To his contemporaries Cicero was primarily the great forensic and political orator of his time, and the fifty-eight speeches which have come down to us bear testimony to the skill, wit, eloquence, and passion which gave him his pre-eminence. But these speeches of necessity deal with the minute details of the occasions which called them forth, and so require for their appreciation a full knowledge of the history, political and personal, of the time.
The letters, on the other hand, are less elaborate both in style and in the handling of current events, while they serve to reveal his personality, and to throw light upon Roman life in the last days of the Republic in an extremely vivid fashion. Cicero as a man, in spite of his self-importance, the vacillation of his political conduct in desperate crises, and the whining despondency of his times of adversity, stands out as at bottom a patriotic Roman of substantial honesty, who gave his life to check the inevitable fall of the commonwealth to which he was devoted.
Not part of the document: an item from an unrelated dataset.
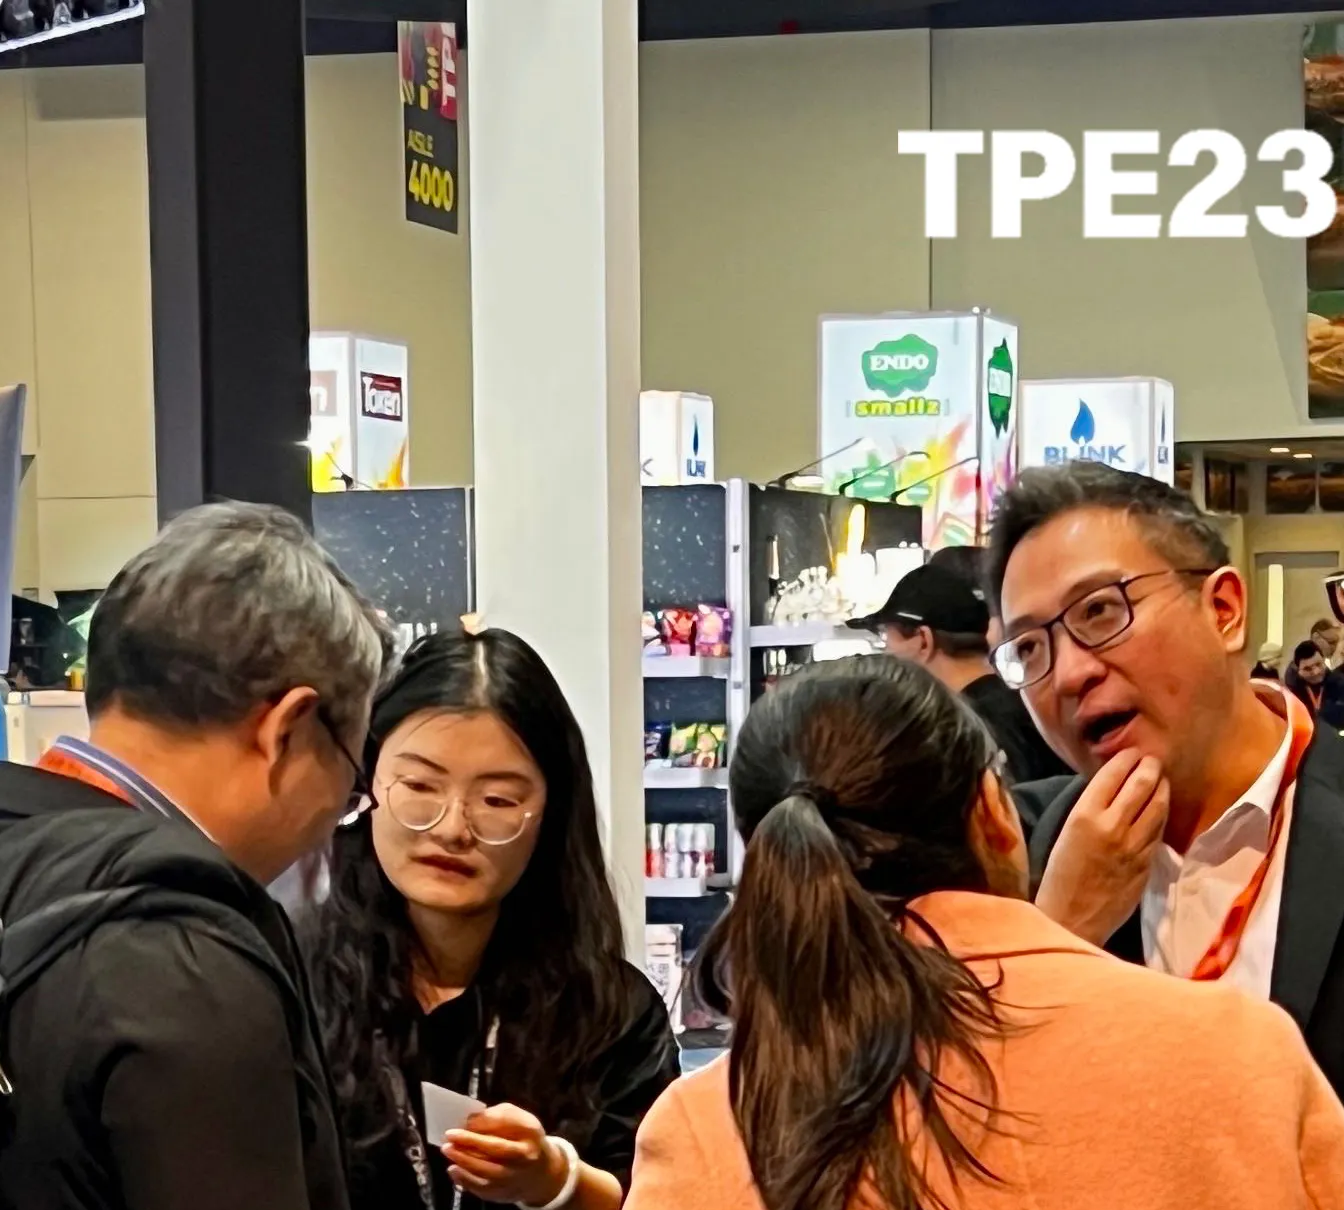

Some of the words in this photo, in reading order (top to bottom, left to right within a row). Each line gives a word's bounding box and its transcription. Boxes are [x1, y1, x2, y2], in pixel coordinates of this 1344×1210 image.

[409, 160, 454, 212] 4000
[869, 354, 930, 371] ENDO
[855, 397, 941, 417] smallz
The evils which were undermining the Republic bear so many striking resemblances to those which threaten the civic and national life of America to-day that the interest of the period is by no means merely historical. As a philosopher, Cicero’s most important function was to make his countrymen familiar with the main schools of Greek thought. Much of this writing is thus of secondary interest to us in comparison with his originals, but in the fields of religious theory and of the application of philosophy to life he made important first-hand contributions.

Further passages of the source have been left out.